Developing cultural critical consciousness and self-reflection in preservice teacher education
Theory Into Practice, Summer, 2003 by Geneva Gay, Kipchoge Kirkland
Another general problem is that teacher education students have few high-quality opportunities for guided practice in self-reflection. This should be corrected by instructors in preservice programs using inquiry teaching techniques and helping students develop the habit, skills, and spirit of criticalness as habitual elements of their learning experiences. If these approaches to learning are cultivated and modeled across the general teacher education curriculum, they will set a foundation and precedent for teacher candidates to use in their own classrooms. As Danielewicz (2001) explains:
Reflexivity is an act of self-conscious consideration that can lead people to a deepened understanding of themselves and others, not in the abstract, but in relation to specific social environments ... [and] foster a more profound awareness ... of how social contexts influence who people are and how they behave.... It involves a person's active analysis of past situations, events, and products, with the inherent goals of critique and revision for the explicit purpose of achieving an understanding that can lead to change in thought of behavior. (pp. 155-156)

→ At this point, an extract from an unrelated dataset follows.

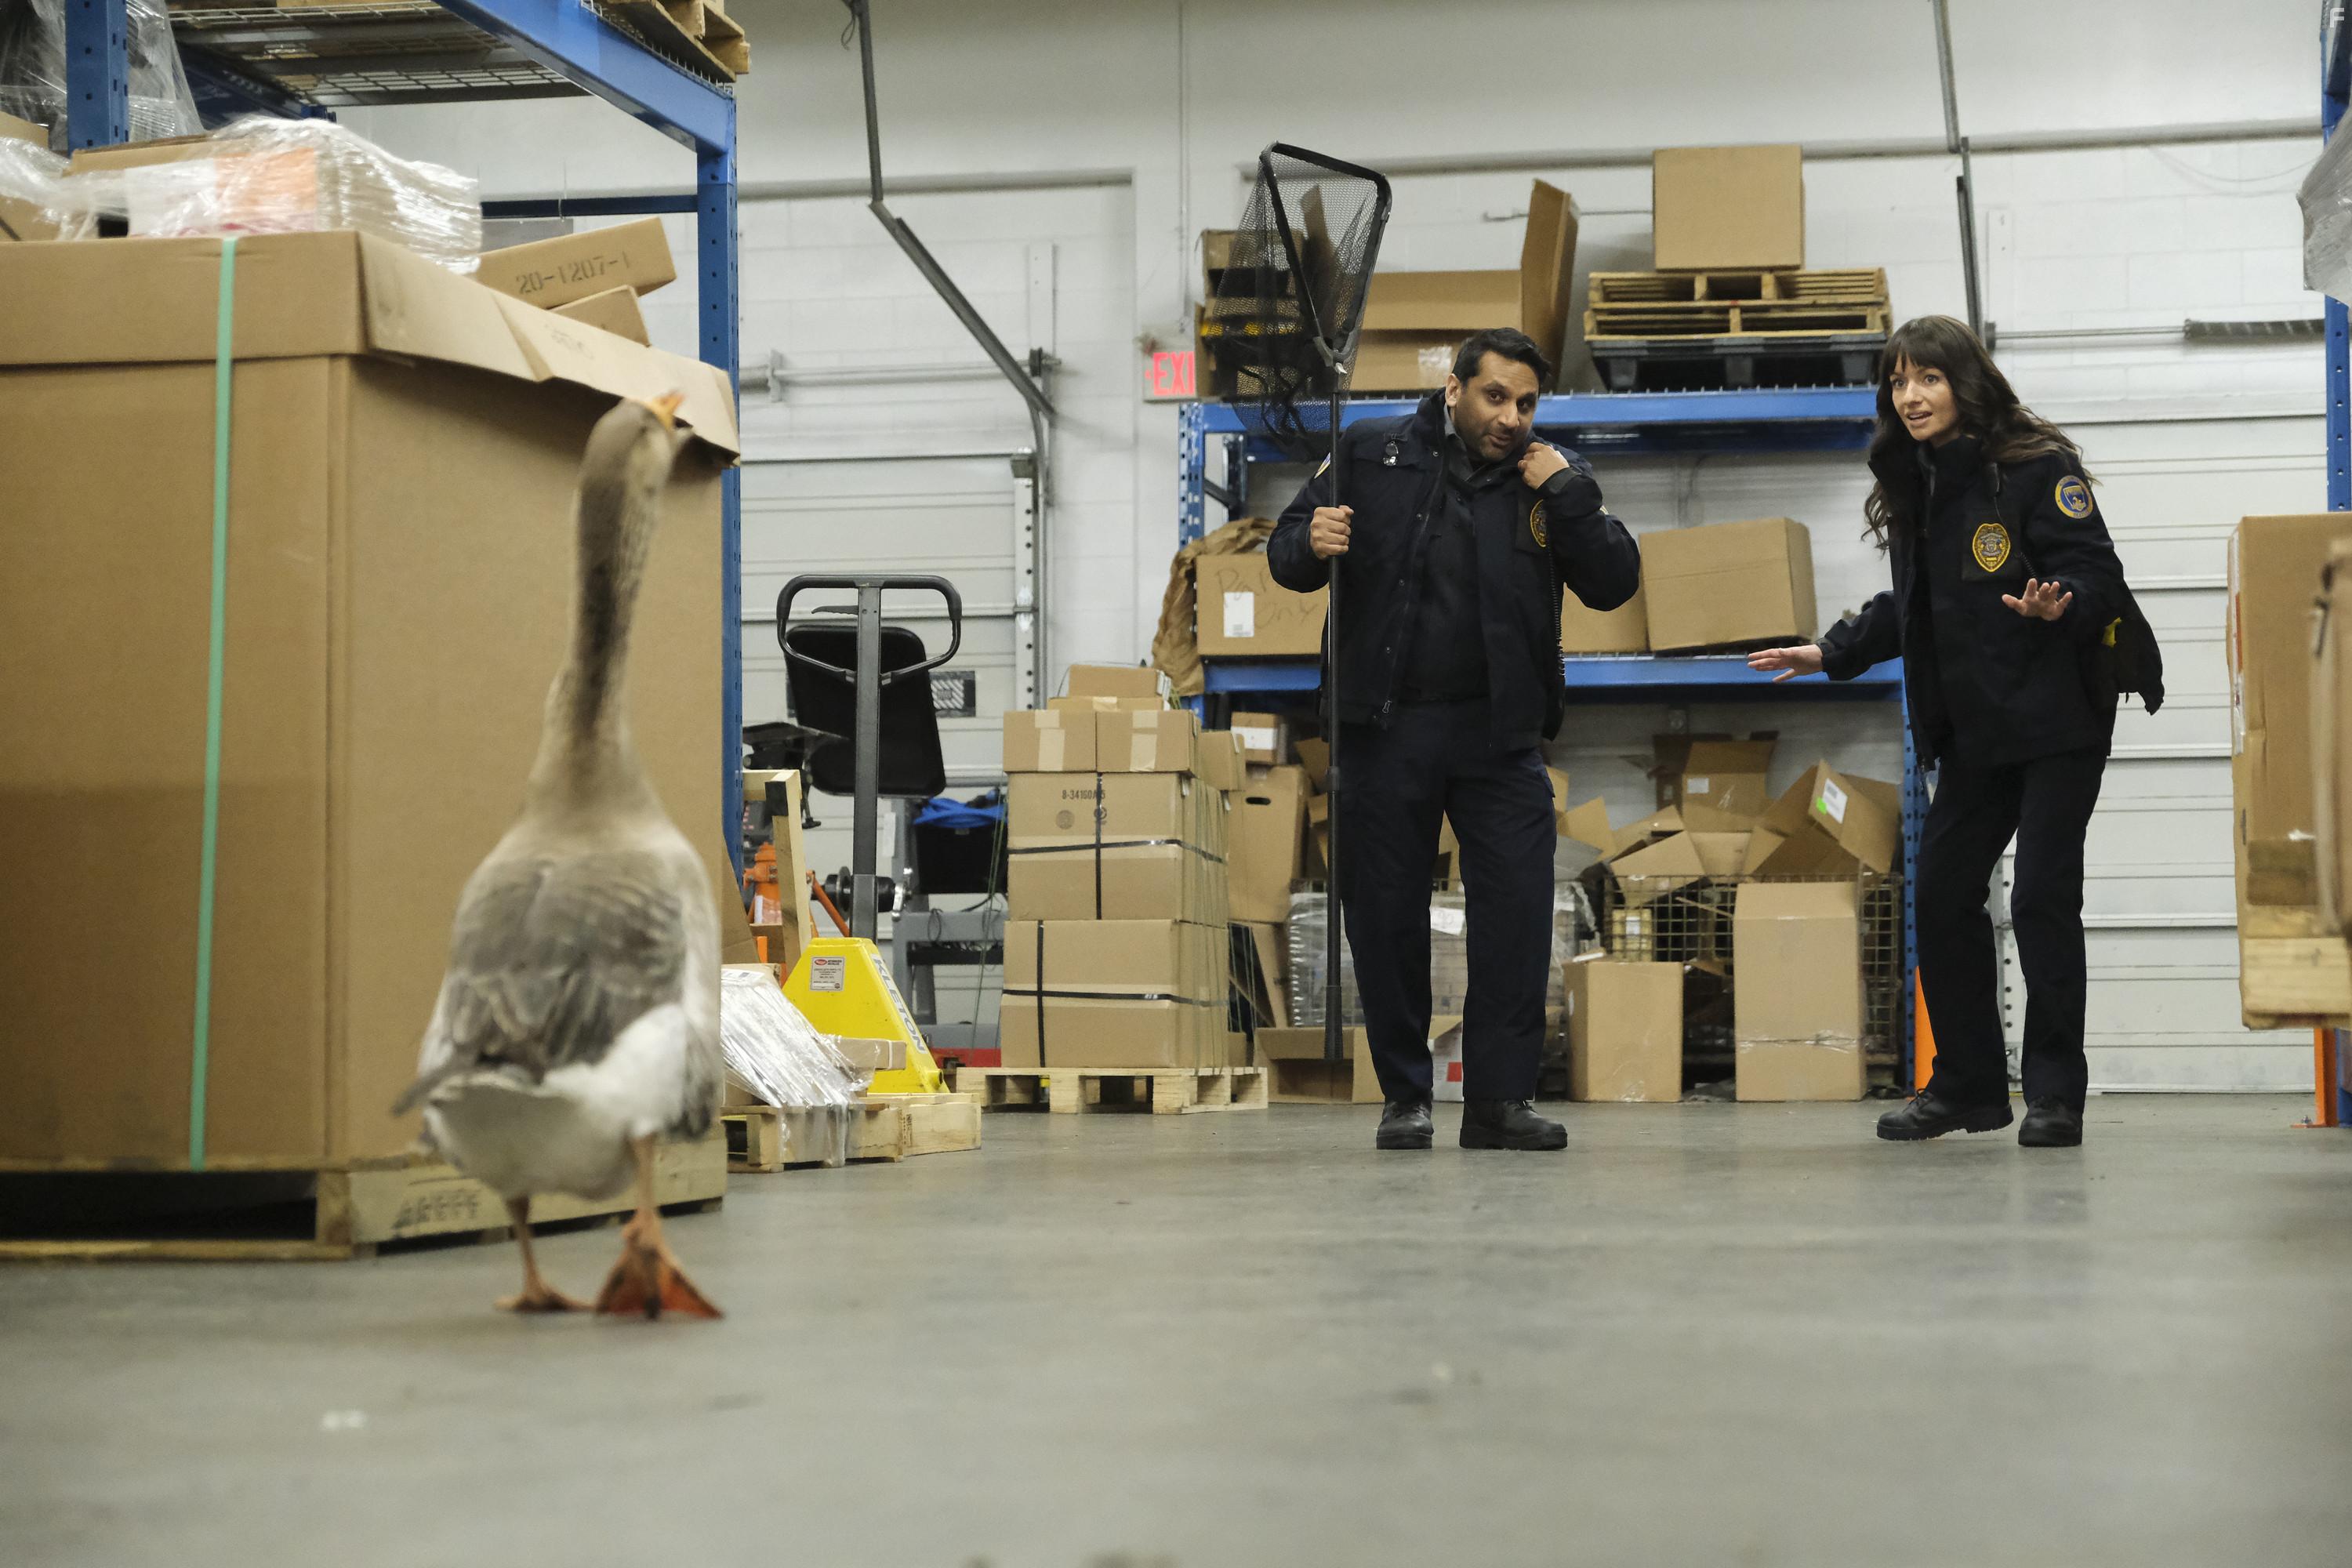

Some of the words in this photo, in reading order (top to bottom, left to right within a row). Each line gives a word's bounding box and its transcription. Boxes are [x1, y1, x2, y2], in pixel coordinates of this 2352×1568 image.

[517, 251, 630, 294] 20-1207-1
[1153, 350, 1195, 396] EXI
[873, 958, 926, 1051] KLETON
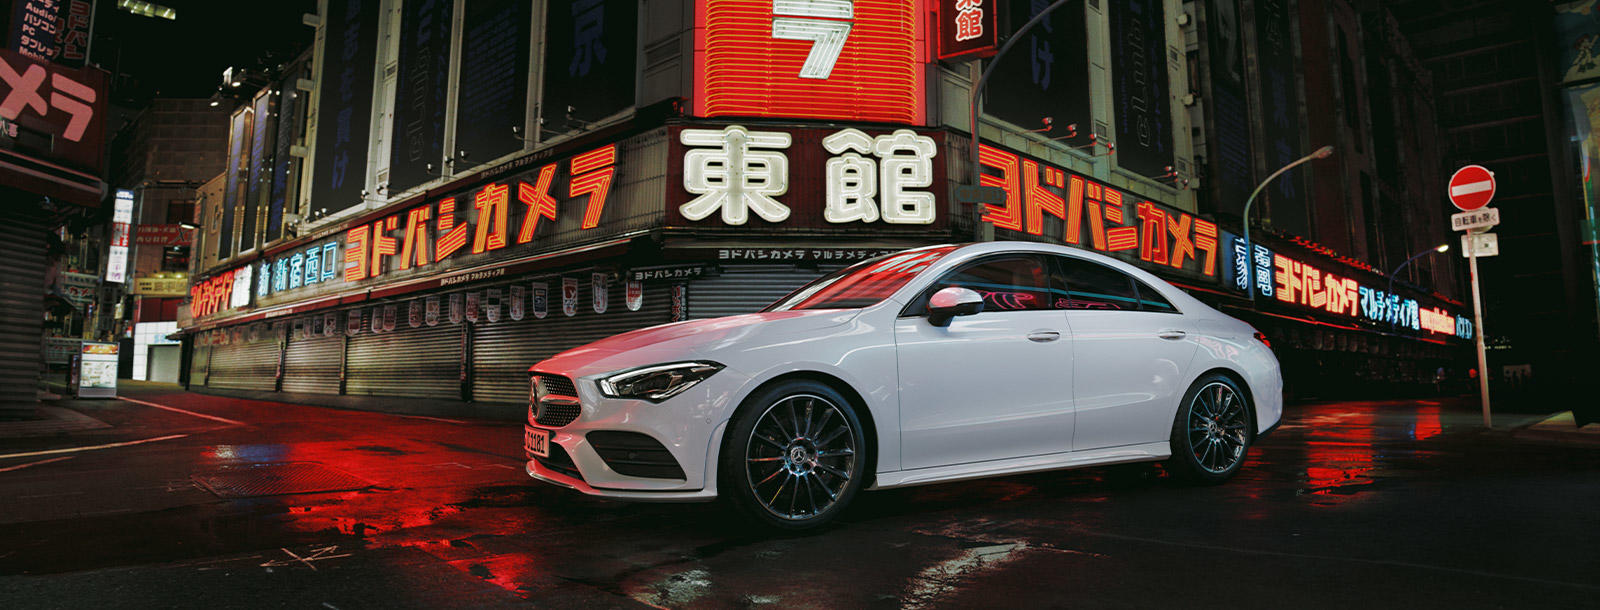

Other difficulties in developing a general reflective ethos among preservice teachers come from traditional beliefs that teaching is an objectifiable craft. It requires the mastery of technical components that are applicable to all teaching contexts and student populations. These beliefs are captured in statements such as, "Treat all students the same regardless of who they are," and "Good teaching anywhere is good teaching everywhere." It is troublesome for some teacher education students to overcome these orientations, and to accept teaching as a highly contextualized process. In fact, teaching is as much a personal performance, a moral endeavor, and a cultural script, as it is a technical craft (Cochran-Smith & Lytle, 1993; Danielewicz, 2001; Palmer, 1998).
Specific obstacles
Developing skills in self-reflection and critical consciousness specific to racial, ethnic, and cultural diversity among preservice teachers is obstructed by several more deliberate maneuvers. One of the most common is for teacher education students to divert or diffuse attention away from the targeted topic. This is accomplished in several ways. Rather than reflecting critically on the race-related and culturally diverse situations presented, they merely offer descriptions, evaluations, or justifications for actions taken or predicted. For example, in discussing achievement among students of color, many preservice teachers simply repeat the trends, or the conventional reasons for why discrepancies exist, without examining their own personal positions on the issues, questioning traditional explanations, or analyzing how achievement dilemmas are influenced by culture, class, ethnicity, and racism. They seem unable to imagine novel ways of tackling underachievement. When provided with some possibilities, it is difficult for them to see the merits of them because the new proposals conflict with their conceptions of teaching. A case in point is the difficulty prospective teachers have making distinctions between using multiple culturally appropriate means to achieve learning outcomes for diverse students, and lowering academic standards. They think the two ideas are synonymous. Teacher education students also frequently try to shift the focus of analysis from race to class, gender, and individuality. Invariably, when discussions about race and racism in education are raised, someone quickly counters with comments like, "it's more about economic status than race because there are more differences within than among groups"; "in the final analysis it is the individual that counts"; and "promoting high-quality education is for all students."